Share

2. Dua Miliar

Penulis: NARA
last update Terakhir Diperbarui: 2025-05-02 23:44:48

'Pembawa sial'

Kata itu memang sering Lili dengar dari mulut mama mertuanya. Sudah menjadi semacam label yang menempel di dirinya sejak awal pernikahannya dengan Zian.

Lili tidak pernah membalas, hanya diam dan mencoba memahami. Ia percaya, Zian mencintainya dan akan selalu membelanya, seperti yang selama ini suaminya itu lakukan.

Tapi hari ini, semua keyakinannya seperti runtuh dalam sekejap.

Zian, yang selama ini menjadi pelindungnya, justru mengatakan hal yang sama seperti yang mama mertuanya katakan. Kata-kata itu meluncur begitu saja dari mulut suaminya, tanpa beban, tanpa rasa bersalah.

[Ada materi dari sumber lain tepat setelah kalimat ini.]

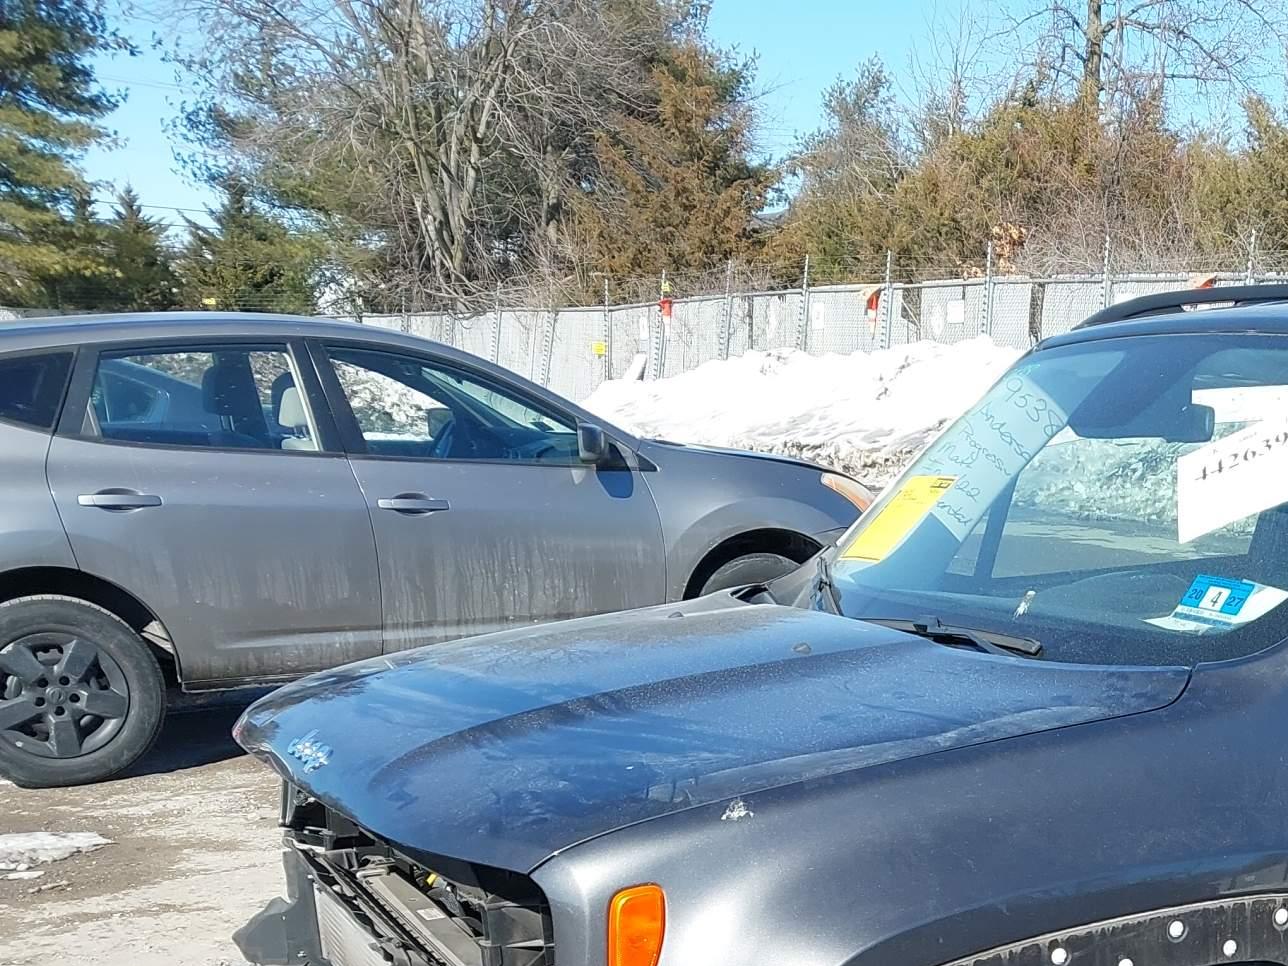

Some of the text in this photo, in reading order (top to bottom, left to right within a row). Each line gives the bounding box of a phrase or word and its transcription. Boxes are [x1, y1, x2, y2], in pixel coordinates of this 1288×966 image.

[1187, 588, 1243, 608] 20 4 27
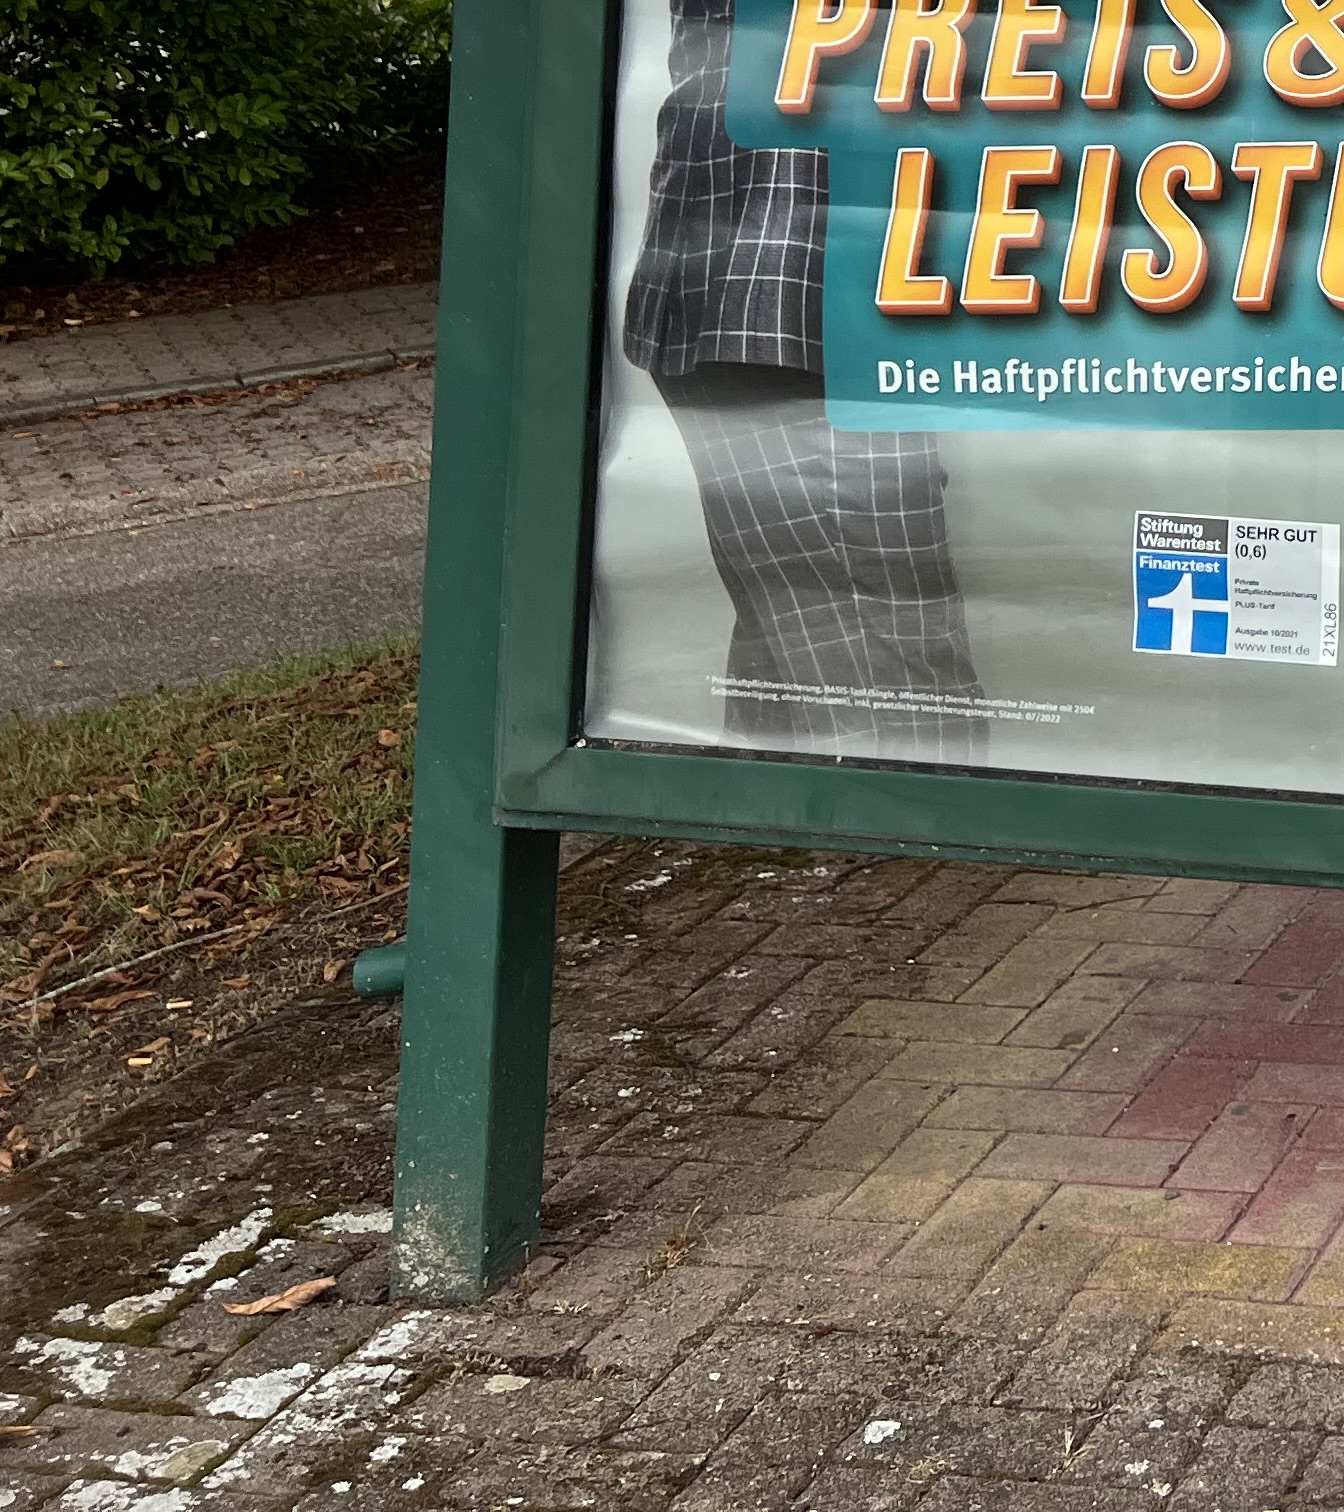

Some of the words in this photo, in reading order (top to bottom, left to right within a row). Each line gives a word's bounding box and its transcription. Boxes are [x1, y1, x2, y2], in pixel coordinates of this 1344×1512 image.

[877, 359, 941, 394] Die
[1140, 516, 1204, 538] Stiftung
[1235, 525, 1280, 542] SEHR
[1283, 528, 1317, 543] GUT
[1139, 532, 1222, 552] Warentest
[1234, 543, 1267, 561] (0,6)
[1139, 555, 1220, 574] Finanztest
[1234, 587, 1318, 600] Haftpflichtversicherung
[1234, 626, 1269, 637] Ausgabe
[1270, 629, 1298, 638] 10/2021
[1322, 603, 1337, 657] 21XL86
[1234, 642, 1310, 656] www.test.de
[1025, 711, 1061, 724] 07/2022
[1060, 704, 1073, 713] mit
[1074, 704, 1096, 715] 250€

Lili tahu Zian sedang frustrasi dan membuat emosinya labil. Tapi Lili tidak pernah menyangka, di tengah semua itu, Zian justru akan melampiaskan kemarahan padanya, dengan kata-kata sekejam itu.

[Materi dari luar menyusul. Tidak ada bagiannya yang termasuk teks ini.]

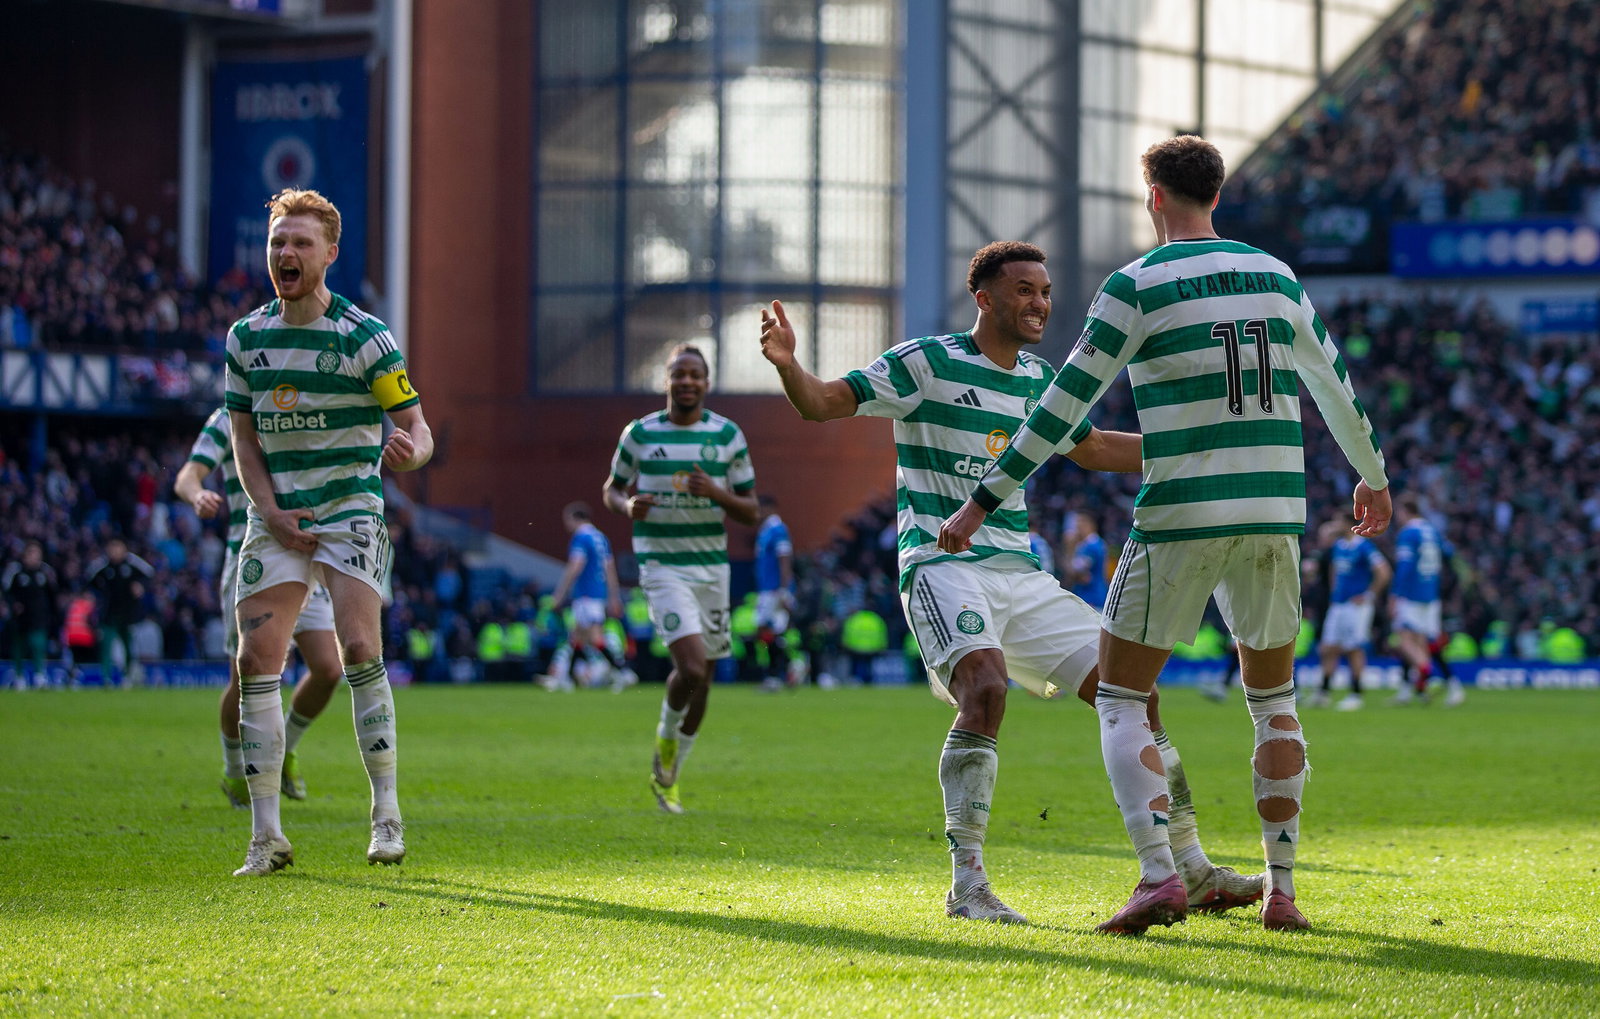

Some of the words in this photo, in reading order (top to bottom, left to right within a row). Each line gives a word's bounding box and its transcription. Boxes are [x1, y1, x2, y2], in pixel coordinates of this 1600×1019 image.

[1175, 267, 1281, 299] ČVANČARA
[1211, 319, 1274, 417] 11
[397, 375, 412, 395] C
[350, 520, 370, 548] 5
[363, 714, 390, 726] CELTIC
[972, 801, 990, 813] CELT

Lili beranjak dari sofa ketika melihat Zian kembali keluar dari kamar, dan sepertinya akan pergi.

"Sayang, kamu mau ke mana?" tanya Lili menghampiri sang suami.

"Dugem!" sahut Zian asal. "Sudah tahu kondisi kita sedang susah, masih tanya mau ke mana, tentu saja mau cari pinjaman. Emang kamu mau bantu aku hah? Kamu aja bisanya cuma bawa sial!" seru Zian.

"Sayang, kenapa kamu bicara seperti itu?" tanya Lili, tidak menyangka sang suami akan mengatakan lagi kata tersebut.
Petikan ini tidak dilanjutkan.